__Records for the exercise__.
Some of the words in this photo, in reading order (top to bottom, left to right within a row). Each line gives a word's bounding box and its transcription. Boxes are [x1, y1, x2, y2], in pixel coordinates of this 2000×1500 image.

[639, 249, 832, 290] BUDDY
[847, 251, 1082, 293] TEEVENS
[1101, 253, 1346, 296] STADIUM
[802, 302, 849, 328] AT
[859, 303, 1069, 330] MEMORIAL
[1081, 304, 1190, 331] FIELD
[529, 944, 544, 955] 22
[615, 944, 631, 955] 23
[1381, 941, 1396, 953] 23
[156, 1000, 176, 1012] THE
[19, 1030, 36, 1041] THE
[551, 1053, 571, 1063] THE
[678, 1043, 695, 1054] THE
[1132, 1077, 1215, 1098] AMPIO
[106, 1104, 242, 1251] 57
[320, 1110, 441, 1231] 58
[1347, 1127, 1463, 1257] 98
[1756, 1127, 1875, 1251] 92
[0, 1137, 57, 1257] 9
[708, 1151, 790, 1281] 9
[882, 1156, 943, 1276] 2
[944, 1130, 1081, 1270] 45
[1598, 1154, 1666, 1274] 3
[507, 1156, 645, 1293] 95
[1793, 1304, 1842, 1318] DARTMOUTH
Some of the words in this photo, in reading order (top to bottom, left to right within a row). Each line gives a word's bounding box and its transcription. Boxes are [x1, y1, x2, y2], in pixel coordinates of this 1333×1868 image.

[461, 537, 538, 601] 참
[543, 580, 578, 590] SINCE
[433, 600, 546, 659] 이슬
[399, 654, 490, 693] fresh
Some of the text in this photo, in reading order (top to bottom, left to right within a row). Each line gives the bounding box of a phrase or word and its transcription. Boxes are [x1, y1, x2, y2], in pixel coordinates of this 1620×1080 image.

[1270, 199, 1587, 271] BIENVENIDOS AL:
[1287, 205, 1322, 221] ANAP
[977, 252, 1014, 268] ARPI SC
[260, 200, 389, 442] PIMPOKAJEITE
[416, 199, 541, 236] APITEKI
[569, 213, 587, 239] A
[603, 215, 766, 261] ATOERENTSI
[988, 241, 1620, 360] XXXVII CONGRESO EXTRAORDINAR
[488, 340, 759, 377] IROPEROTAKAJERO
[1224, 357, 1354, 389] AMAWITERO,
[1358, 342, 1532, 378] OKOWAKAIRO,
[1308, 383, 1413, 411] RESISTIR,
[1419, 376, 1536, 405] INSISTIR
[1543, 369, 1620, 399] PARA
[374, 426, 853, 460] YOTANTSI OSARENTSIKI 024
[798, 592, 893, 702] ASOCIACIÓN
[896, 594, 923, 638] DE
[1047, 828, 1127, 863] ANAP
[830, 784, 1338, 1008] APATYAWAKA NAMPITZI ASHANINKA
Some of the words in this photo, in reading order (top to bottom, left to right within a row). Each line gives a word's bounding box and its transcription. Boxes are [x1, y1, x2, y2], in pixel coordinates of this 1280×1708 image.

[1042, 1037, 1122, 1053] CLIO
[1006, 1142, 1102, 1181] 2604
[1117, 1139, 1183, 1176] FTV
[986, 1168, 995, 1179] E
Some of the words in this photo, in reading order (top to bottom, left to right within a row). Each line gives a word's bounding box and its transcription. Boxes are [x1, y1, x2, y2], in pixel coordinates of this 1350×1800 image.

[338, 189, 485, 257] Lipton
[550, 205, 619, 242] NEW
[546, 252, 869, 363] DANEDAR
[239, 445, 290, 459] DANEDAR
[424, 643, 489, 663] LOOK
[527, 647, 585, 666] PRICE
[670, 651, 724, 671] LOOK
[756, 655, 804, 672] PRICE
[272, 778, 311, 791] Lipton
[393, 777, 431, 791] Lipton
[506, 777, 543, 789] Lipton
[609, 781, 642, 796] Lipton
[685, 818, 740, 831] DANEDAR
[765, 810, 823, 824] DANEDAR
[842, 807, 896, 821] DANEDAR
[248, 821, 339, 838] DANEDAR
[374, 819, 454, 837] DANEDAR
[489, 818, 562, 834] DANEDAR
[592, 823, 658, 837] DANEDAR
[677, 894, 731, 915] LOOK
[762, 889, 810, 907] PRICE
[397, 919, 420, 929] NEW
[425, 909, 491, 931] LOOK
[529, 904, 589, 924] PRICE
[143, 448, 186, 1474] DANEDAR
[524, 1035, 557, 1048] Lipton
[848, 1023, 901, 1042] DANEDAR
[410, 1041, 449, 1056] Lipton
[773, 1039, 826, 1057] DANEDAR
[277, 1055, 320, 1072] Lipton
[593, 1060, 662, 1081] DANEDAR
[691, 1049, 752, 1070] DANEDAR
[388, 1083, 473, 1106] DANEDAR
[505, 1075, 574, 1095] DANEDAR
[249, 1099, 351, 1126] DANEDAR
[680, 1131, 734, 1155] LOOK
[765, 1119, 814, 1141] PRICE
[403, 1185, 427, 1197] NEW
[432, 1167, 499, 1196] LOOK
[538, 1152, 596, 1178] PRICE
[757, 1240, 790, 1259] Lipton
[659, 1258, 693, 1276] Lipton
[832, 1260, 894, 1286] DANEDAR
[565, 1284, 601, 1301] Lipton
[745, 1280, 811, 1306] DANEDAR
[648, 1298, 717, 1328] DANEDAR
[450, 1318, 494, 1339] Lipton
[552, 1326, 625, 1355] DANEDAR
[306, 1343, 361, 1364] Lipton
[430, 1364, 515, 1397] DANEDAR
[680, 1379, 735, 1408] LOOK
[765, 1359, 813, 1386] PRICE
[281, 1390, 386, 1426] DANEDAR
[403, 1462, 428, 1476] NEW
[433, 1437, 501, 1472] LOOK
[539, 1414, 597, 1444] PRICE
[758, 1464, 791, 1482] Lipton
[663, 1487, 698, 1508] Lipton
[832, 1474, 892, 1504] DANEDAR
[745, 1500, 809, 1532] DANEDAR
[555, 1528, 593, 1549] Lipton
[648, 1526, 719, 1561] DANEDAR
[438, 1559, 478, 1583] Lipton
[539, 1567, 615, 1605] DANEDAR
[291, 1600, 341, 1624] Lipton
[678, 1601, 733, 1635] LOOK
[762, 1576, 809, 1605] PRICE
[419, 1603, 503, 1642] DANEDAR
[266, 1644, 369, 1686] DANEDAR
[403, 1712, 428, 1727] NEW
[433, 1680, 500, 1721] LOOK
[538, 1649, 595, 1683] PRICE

__The task__. All of the entries above need to be printed again exactly.

__Finished task__.
Some of the words in this photo, in reading order (top to bottom, left to right within a row). Each line gives a word's bounding box and its transcription. Boxes are [x1, y1, x2, y2], in pixel coordinates of this 2000×1500 image.

[639, 249, 832, 290] BUDDY
[847, 251, 1082, 293] TEEVENS
[1101, 253, 1346, 296] STADIUM
[802, 302, 849, 328] AT
[859, 303, 1069, 330] MEMORIAL
[1081, 304, 1190, 331] FIELD
[529, 944, 544, 955] 22
[615, 944, 631, 955] 23
[1381, 941, 1396, 953] 23
[156, 1000, 176, 1012] THE
[19, 1030, 36, 1041] THE
[551, 1053, 571, 1063] THE
[678, 1043, 695, 1054] THE
[1132, 1077, 1215, 1098] AMPIO
[106, 1104, 242, 1251] 57
[320, 1110, 441, 1231] 58
[1347, 1127, 1463, 1257] 98
[1756, 1127, 1875, 1251] 92
[0, 1137, 57, 1257] 9
[708, 1151, 790, 1281] 9
[882, 1156, 943, 1276] 2
[944, 1130, 1081, 1270] 45
[1598, 1154, 1666, 1274] 3
[507, 1156, 645, 1293] 95
[1793, 1304, 1842, 1318] DARTMOUTH
Some of the words in this photo, in reading order (top to bottom, left to right within a row). Each line gives a word's bounding box and its transcription. Boxes are [x1, y1, x2, y2], in pixel coordinates of this 1333×1868 image.

[461, 537, 538, 601] 참
[543, 580, 578, 590] SINCE
[433, 600, 546, 659] 이슬
[399, 654, 490, 693] fresh
Some of the text in this photo, in reading order (top to bottom, left to right within a row). Each line gives the bounding box of a phrase or word and its transcription. Boxes are [x1, y1, x2, y2], in pixel coordinates of this 1620×1080 image.

[1270, 199, 1587, 271] BIENVENIDOS AL:
[1287, 205, 1322, 221] ANAP
[977, 252, 1014, 268] ARPI SC
[260, 200, 389, 442] PIMPOKAJEITE
[416, 199, 541, 236] APITEKI
[569, 213, 587, 239] A
[603, 215, 766, 261] ATOERENTSI
[988, 241, 1620, 360] XXXVII CONGRESO EXTRAORDINAR
[488, 340, 759, 377] IROPEROTAKAJERO
[1224, 357, 1354, 389] AMAWITERO,
[1358, 342, 1532, 378] OKOWAKAIRO,
[1308, 383, 1413, 411] RESISTIR,
[1419, 376, 1536, 405] INSISTIR
[1543, 369, 1620, 399] PARA
[374, 426, 853, 460] YOTANTSI OSARENTSIKI 024
[798, 592, 893, 702] ASOCIACIÓN
[896, 594, 923, 638] DE
[1047, 828, 1127, 863] ANAP
[830, 784, 1338, 1008] APATYAWAKA NAMPITZI ASHANINKA
Some of the words in this photo, in reading order (top to bottom, left to right within a row). Each line gives a word's bounding box and its transcription. Boxes are [x1, y1, x2, y2], in pixel coordinates of this 1280×1708 image.

[1042, 1037, 1122, 1053] CLIO
[1006, 1142, 1102, 1181] 2604
[1117, 1139, 1183, 1176] FTV
[986, 1168, 995, 1179] E
Some of the words in this photo, in reading order (top to bottom, left to right within a row). Each line gives a word's bounding box and its transcription. Boxes are [x1, y1, x2, y2], in pixel coordinates of this 1350×1800 image.

[338, 189, 485, 257] Lipton
[550, 205, 619, 242] NEW
[546, 252, 869, 363] DANEDAR
[239, 445, 290, 459] DANEDAR
[424, 643, 489, 663] LOOK
[527, 647, 585, 666] PRICE
[670, 651, 724, 671] LOOK
[756, 655, 804, 672] PRICE
[272, 778, 311, 791] Lipton
[393, 777, 431, 791] Lipton
[506, 777, 543, 789] Lipton
[609, 781, 642, 796] Lipton
[685, 818, 740, 831] DANEDAR
[765, 810, 823, 824] DANEDAR
[842, 807, 896, 821] DANEDAR
[248, 821, 339, 838] DANEDAR
[374, 819, 454, 837] DANEDAR
[489, 818, 562, 834] DANEDAR
[592, 823, 658, 837] DANEDAR
[677, 894, 731, 915] LOOK
[762, 889, 810, 907] PRICE
[397, 919, 420, 929] NEW
[425, 909, 491, 931] LOOK
[529, 904, 589, 924] PRICE
[143, 448, 186, 1474] DANEDAR
[524, 1035, 557, 1048] Lipton
[848, 1023, 901, 1042] DANEDAR
[410, 1041, 449, 1056] Lipton
[773, 1039, 826, 1057] DANEDAR
[277, 1055, 320, 1072] Lipton
[593, 1060, 662, 1081] DANEDAR
[691, 1049, 752, 1070] DANEDAR
[388, 1083, 473, 1106] DANEDAR
[505, 1075, 574, 1095] DANEDAR
[249, 1099, 351, 1126] DANEDAR
[680, 1131, 734, 1155] LOOK
[765, 1119, 814, 1141] PRICE
[403, 1185, 427, 1197] NEW
[432, 1167, 499, 1196] LOOK
[538, 1152, 596, 1178] PRICE
[757, 1240, 790, 1259] Lipton
[659, 1258, 693, 1276] Lipton
[832, 1260, 894, 1286] DANEDAR
[565, 1284, 601, 1301] Lipton
[745, 1280, 811, 1306] DANEDAR
[648, 1298, 717, 1328] DANEDAR
[450, 1318, 494, 1339] Lipton
[552, 1326, 625, 1355] DANEDAR
[306, 1343, 361, 1364] Lipton
[430, 1364, 515, 1397] DANEDAR
[680, 1379, 735, 1408] LOOK
[765, 1359, 813, 1386] PRICE
[281, 1390, 386, 1426] DANEDAR
[403, 1462, 428, 1476] NEW
[433, 1437, 501, 1472] LOOK
[539, 1414, 597, 1444] PRICE
[758, 1464, 791, 1482] Lipton
[663, 1487, 698, 1508] Lipton
[832, 1474, 892, 1504] DANEDAR
[745, 1500, 809, 1532] DANEDAR
[555, 1528, 593, 1549] Lipton
[648, 1526, 719, 1561] DANEDAR
[438, 1559, 478, 1583] Lipton
[539, 1567, 615, 1605] DANEDAR
[291, 1600, 341, 1624] Lipton
[678, 1601, 733, 1635] LOOK
[762, 1576, 809, 1605] PRICE
[419, 1603, 503, 1642] DANEDAR
[266, 1644, 369, 1686] DANEDAR
[403, 1712, 428, 1727] NEW
[433, 1680, 500, 1721] LOOK
[538, 1649, 595, 1683] PRICE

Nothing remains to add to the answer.